(Data records)
========================================================================
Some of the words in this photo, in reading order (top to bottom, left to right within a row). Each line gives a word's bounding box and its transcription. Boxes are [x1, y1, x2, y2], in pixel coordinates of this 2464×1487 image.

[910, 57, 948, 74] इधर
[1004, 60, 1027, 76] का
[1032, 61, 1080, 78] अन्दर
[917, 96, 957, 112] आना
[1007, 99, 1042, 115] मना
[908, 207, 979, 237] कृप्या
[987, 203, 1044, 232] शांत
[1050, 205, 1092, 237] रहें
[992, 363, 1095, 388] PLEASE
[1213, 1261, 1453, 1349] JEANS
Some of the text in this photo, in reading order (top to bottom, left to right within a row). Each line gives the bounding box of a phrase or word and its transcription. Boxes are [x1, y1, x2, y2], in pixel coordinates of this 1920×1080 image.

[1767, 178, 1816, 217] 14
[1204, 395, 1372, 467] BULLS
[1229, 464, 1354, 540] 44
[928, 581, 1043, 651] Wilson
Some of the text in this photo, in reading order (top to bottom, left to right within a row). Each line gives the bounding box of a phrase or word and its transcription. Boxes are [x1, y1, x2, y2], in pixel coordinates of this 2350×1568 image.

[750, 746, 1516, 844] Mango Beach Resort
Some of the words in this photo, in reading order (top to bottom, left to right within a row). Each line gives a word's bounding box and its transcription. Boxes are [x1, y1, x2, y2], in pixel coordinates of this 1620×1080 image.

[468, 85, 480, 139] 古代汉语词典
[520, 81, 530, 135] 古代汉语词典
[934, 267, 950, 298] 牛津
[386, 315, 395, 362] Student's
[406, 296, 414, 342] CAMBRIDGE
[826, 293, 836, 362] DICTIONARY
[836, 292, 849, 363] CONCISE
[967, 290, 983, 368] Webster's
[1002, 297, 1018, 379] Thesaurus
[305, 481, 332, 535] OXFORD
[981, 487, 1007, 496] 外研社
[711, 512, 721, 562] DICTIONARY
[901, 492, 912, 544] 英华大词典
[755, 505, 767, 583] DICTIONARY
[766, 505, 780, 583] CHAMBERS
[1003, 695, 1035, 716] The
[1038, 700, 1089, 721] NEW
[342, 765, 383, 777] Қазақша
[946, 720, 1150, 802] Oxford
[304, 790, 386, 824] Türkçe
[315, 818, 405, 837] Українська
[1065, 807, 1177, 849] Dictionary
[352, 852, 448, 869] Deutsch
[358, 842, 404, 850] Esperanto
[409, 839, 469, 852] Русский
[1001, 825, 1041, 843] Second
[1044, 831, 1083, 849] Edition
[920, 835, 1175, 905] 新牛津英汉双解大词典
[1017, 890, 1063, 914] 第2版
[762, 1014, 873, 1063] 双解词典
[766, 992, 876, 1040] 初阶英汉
========================================================================
So that nothing differs from the original, transcribe all of the records above.

# WRITTEN SOLUTION
Some of the words in this photo, in reading order (top to bottom, left to right within a row). Each line gives a word's bounding box and its transcription. Boxes are [x1, y1, x2, y2], in pixel coordinates of this 2464×1487 image.

[910, 57, 948, 74] इधर
[1004, 60, 1027, 76] का
[1032, 61, 1080, 78] अन्दर
[917, 96, 957, 112] आना
[1007, 99, 1042, 115] मना
[908, 207, 979, 237] कृप्या
[987, 203, 1044, 232] शांत
[1050, 205, 1092, 237] रहें
[992, 363, 1095, 388] PLEASE
[1213, 1261, 1453, 1349] JEANS
Some of the text in this photo, in reading order (top to bottom, left to right within a row). Each line gives the bounding box of a phrase or word and its transcription. Boxes are [x1, y1, x2, y2], in pixel coordinates of this 1920×1080 image.

[1767, 178, 1816, 217] 14
[1204, 395, 1372, 467] BULLS
[1229, 464, 1354, 540] 44
[928, 581, 1043, 651] Wilson
Some of the text in this photo, in reading order (top to bottom, left to right within a row). Each line gives the bounding box of a phrase or word and its transcription. Boxes are [x1, y1, x2, y2], in pixel coordinates of this 2350×1568 image.

[750, 746, 1516, 844] Mango Beach Resort
Some of the words in this photo, in reading order (top to bottom, left to right within a row). Each line gives a word's bounding box and its transcription. Boxes are [x1, y1, x2, y2], in pixel coordinates of this 1620×1080 image.

[468, 85, 480, 139] 古代汉语词典
[520, 81, 530, 135] 古代汉语词典
[934, 267, 950, 298] 牛津
[386, 315, 395, 362] Student's
[406, 296, 414, 342] CAMBRIDGE
[826, 293, 836, 362] DICTIONARY
[836, 292, 849, 363] CONCISE
[967, 290, 983, 368] Webster's
[1002, 297, 1018, 379] Thesaurus
[305, 481, 332, 535] OXFORD
[981, 487, 1007, 496] 外研社
[711, 512, 721, 562] DICTIONARY
[901, 492, 912, 544] 英华大词典
[755, 505, 767, 583] DICTIONARY
[766, 505, 780, 583] CHAMBERS
[1003, 695, 1035, 716] The
[1038, 700, 1089, 721] NEW
[342, 765, 383, 777] Қазақша
[946, 720, 1150, 802] Oxford
[304, 790, 386, 824] Türkçe
[315, 818, 405, 837] Українська
[1065, 807, 1177, 849] Dictionary
[352, 852, 448, 869] Deutsch
[358, 842, 404, 850] Esperanto
[409, 839, 469, 852] Русский
[1001, 825, 1041, 843] Second
[1044, 831, 1083, 849] Edition
[920, 835, 1175, 905] 新牛津英汉双解大词典
[1017, 890, 1063, 914] 第2版
[762, 1014, 873, 1063] 双解词典
[766, 992, 876, 1040] 初阶英汉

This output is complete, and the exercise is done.